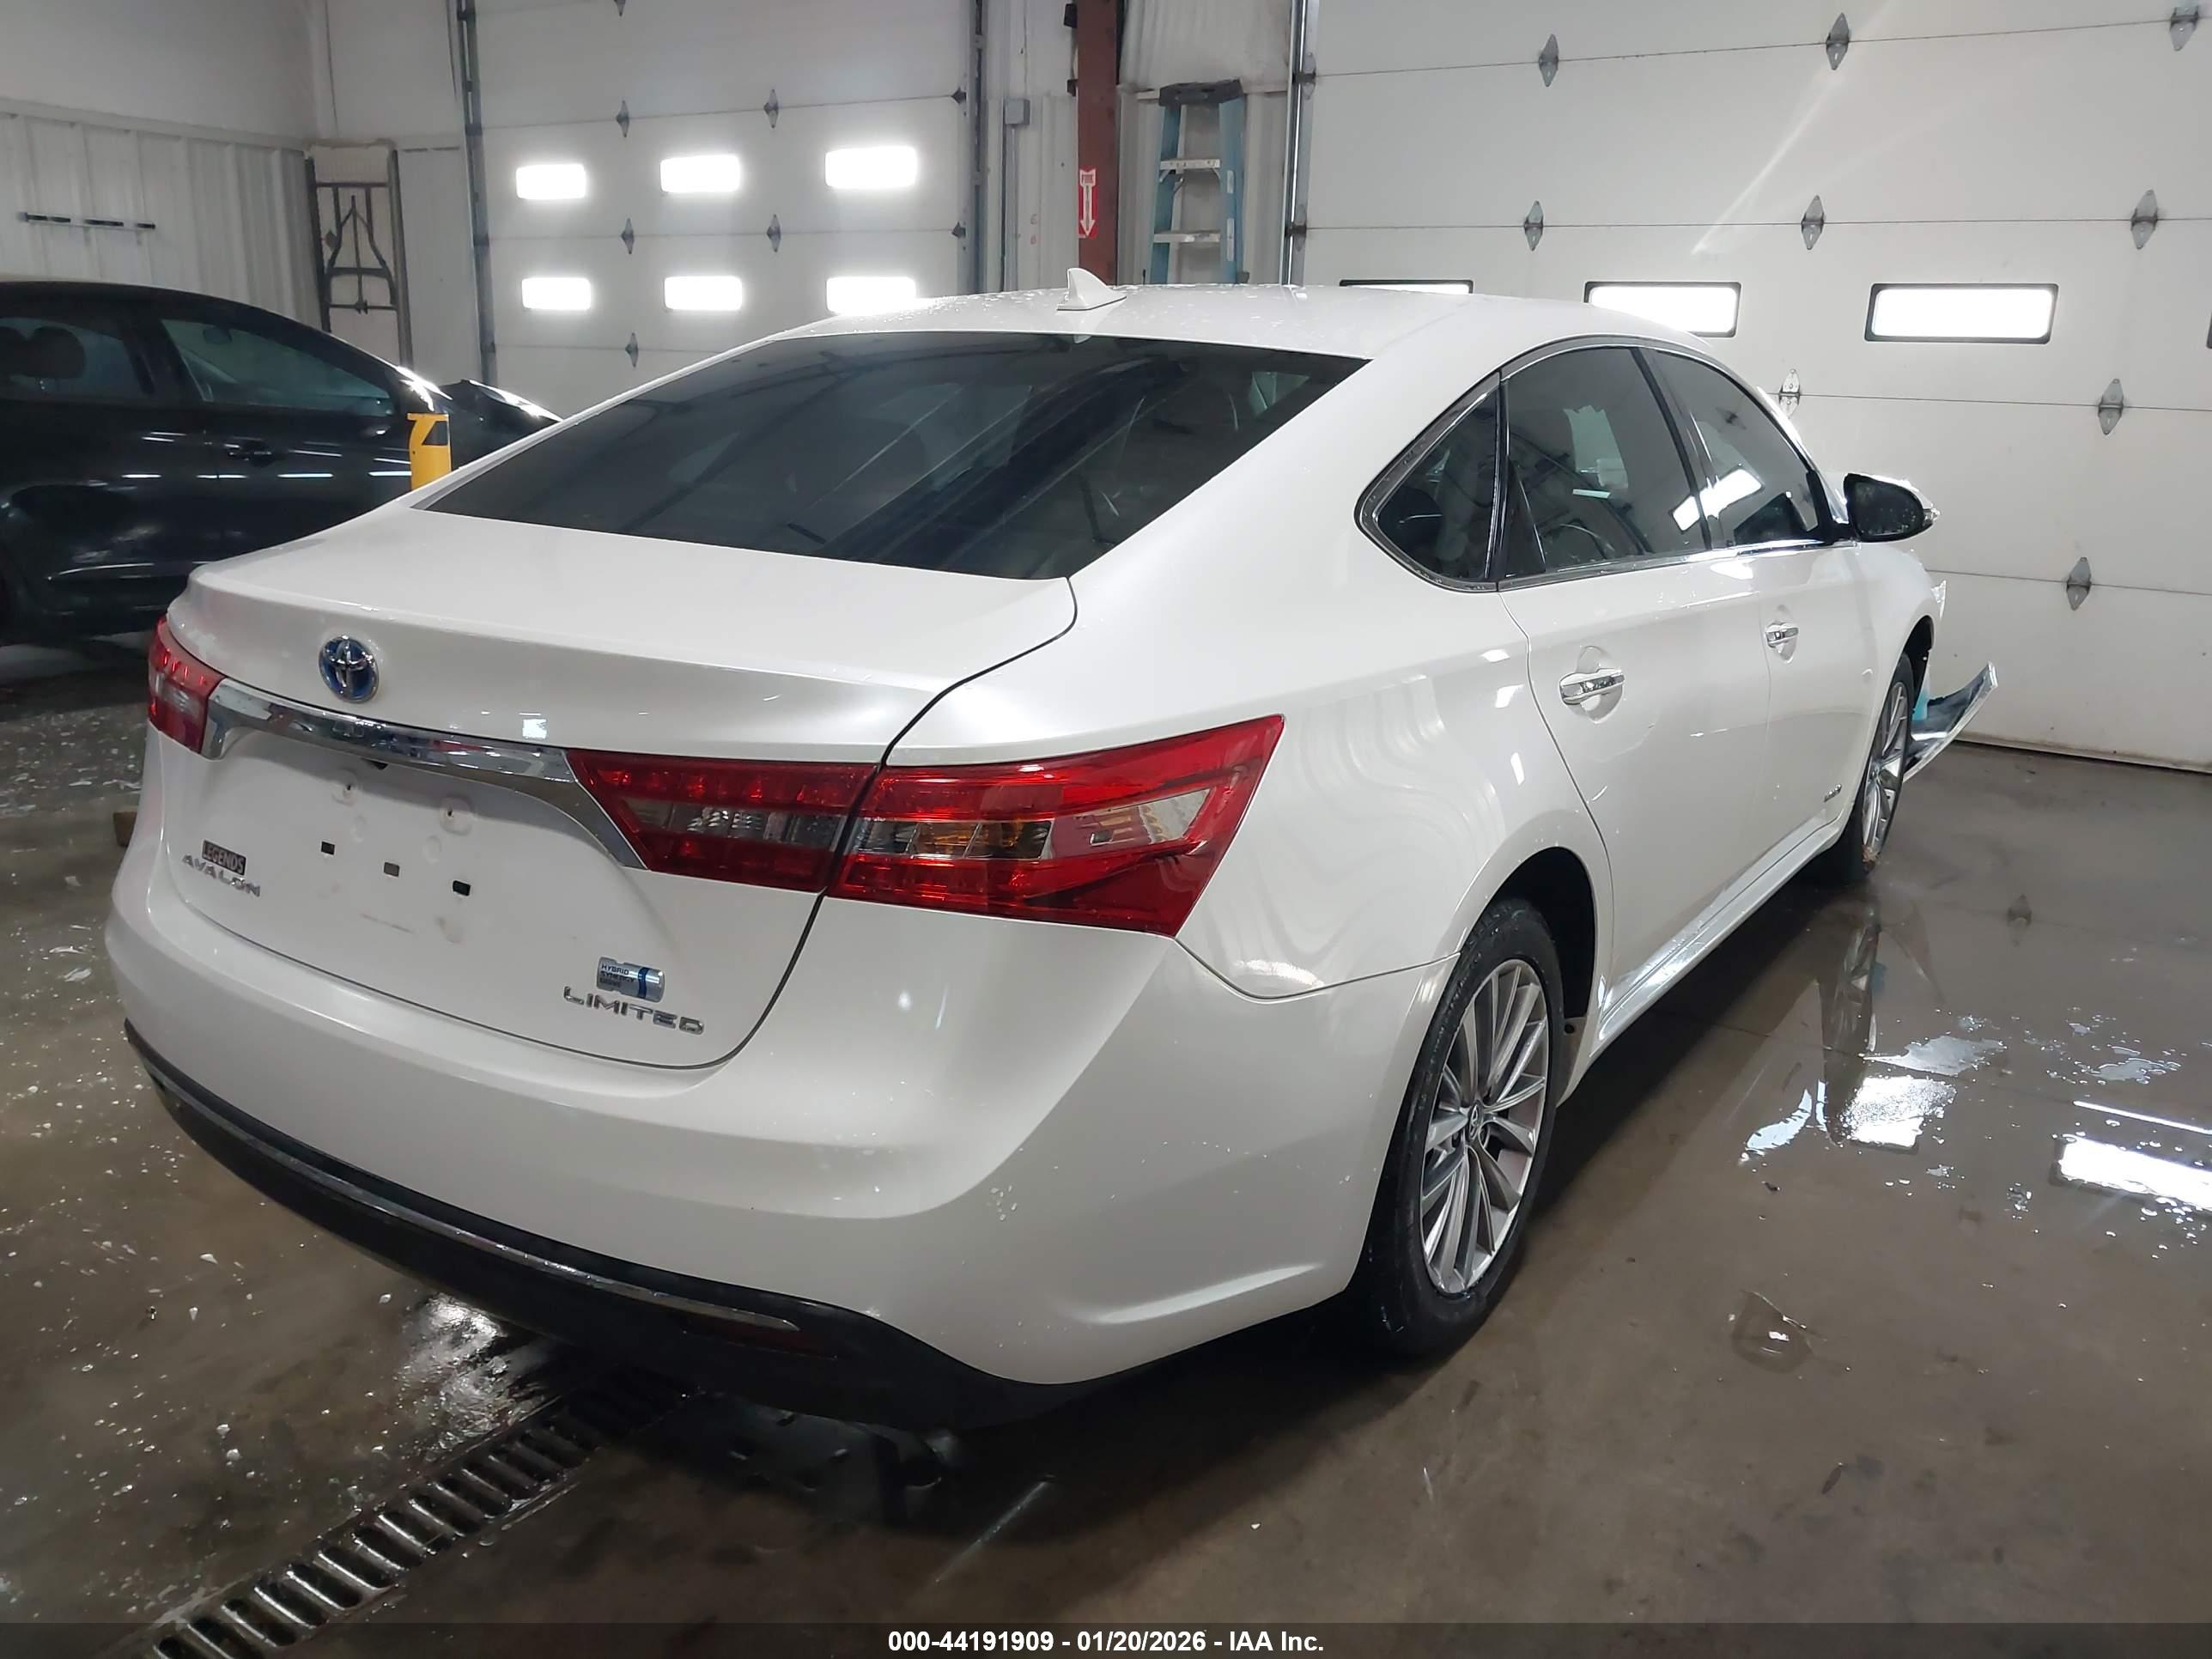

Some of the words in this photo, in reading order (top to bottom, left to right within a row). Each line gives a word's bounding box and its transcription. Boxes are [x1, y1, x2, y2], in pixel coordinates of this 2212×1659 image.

[182, 854, 260, 897] AVALON
[203, 842, 245, 874] LEGENDS
[601, 963, 629, 975] HYBRID
[563, 986, 704, 1035] LIMITED
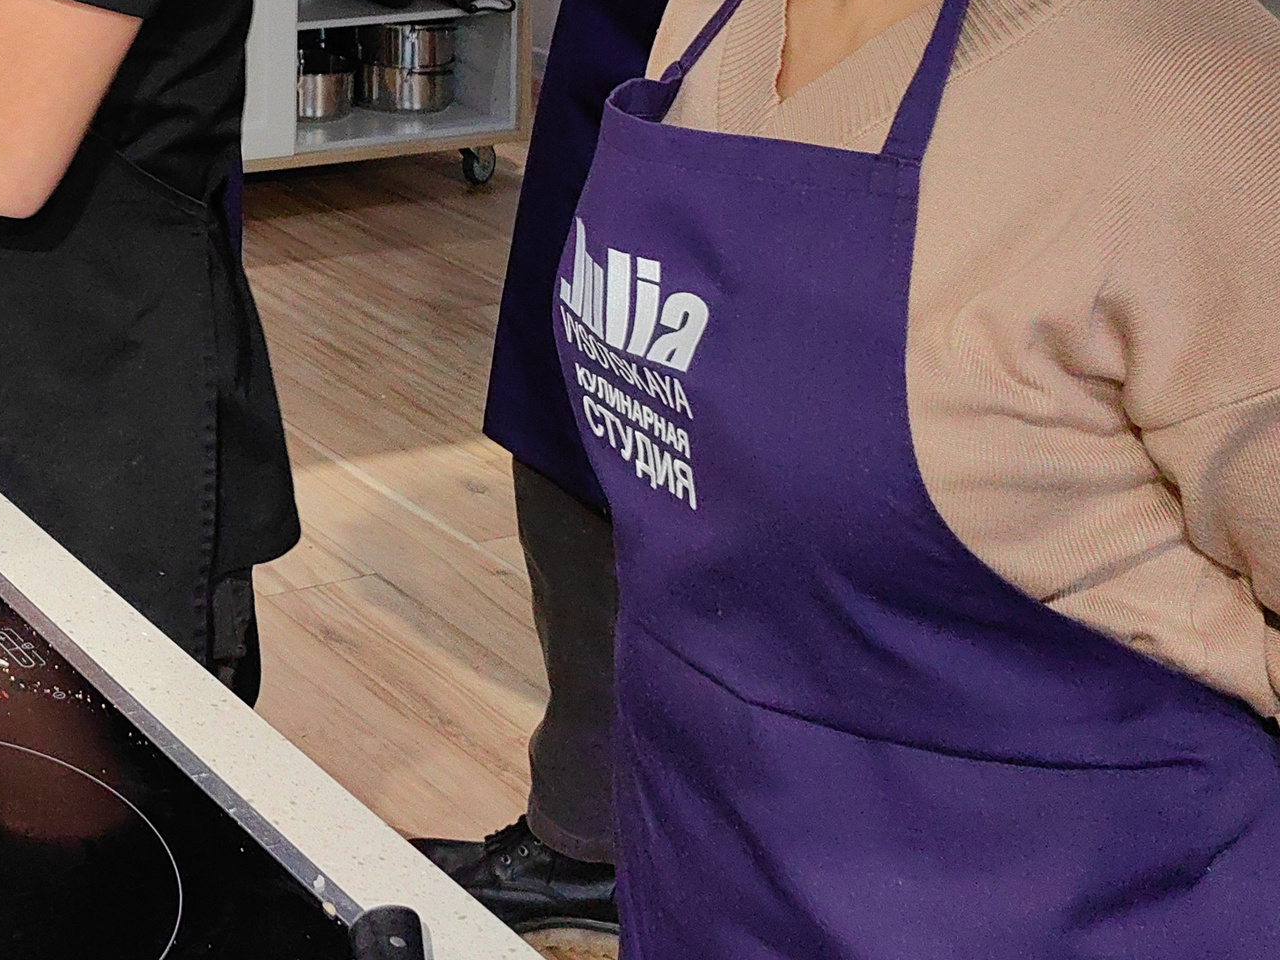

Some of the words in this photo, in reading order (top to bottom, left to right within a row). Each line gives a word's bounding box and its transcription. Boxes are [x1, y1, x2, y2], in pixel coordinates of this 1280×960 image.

[560, 216, 709, 373] Julia
[560, 305, 693, 420] VYSOTSKAYA
[575, 362, 690, 459] КУЛИНАРНАЯ
[583, 395, 697, 510] СТУДИЯ

..............................

Text only, no pictures: copy every entry exactly.

Some of the words in this photo, in reading order (top to bottom, left to right within a row). Each line gives a word's bounding box and its transcription. Boxes are [x1, y1, x2, y2], in pixel coordinates of this 2212×1659 image.

[182, 854, 260, 897] AVALON
[203, 842, 245, 874] LEGENDS
[601, 963, 629, 975] HYBRID
[563, 986, 704, 1035] LIMITED

Some of the words in this photo, in reading order (top to bottom, left to right within a row). Each line gives a word's bounding box and its transcription. Boxes are [x1, y1, x2, y2], in pixel coordinates of this 1280×960 image.

[560, 216, 709, 373] Julia
[560, 305, 693, 420] VYSOTSKAYA
[575, 362, 690, 459] КУЛИНАРНАЯ
[583, 395, 697, 510] СТУДИЯ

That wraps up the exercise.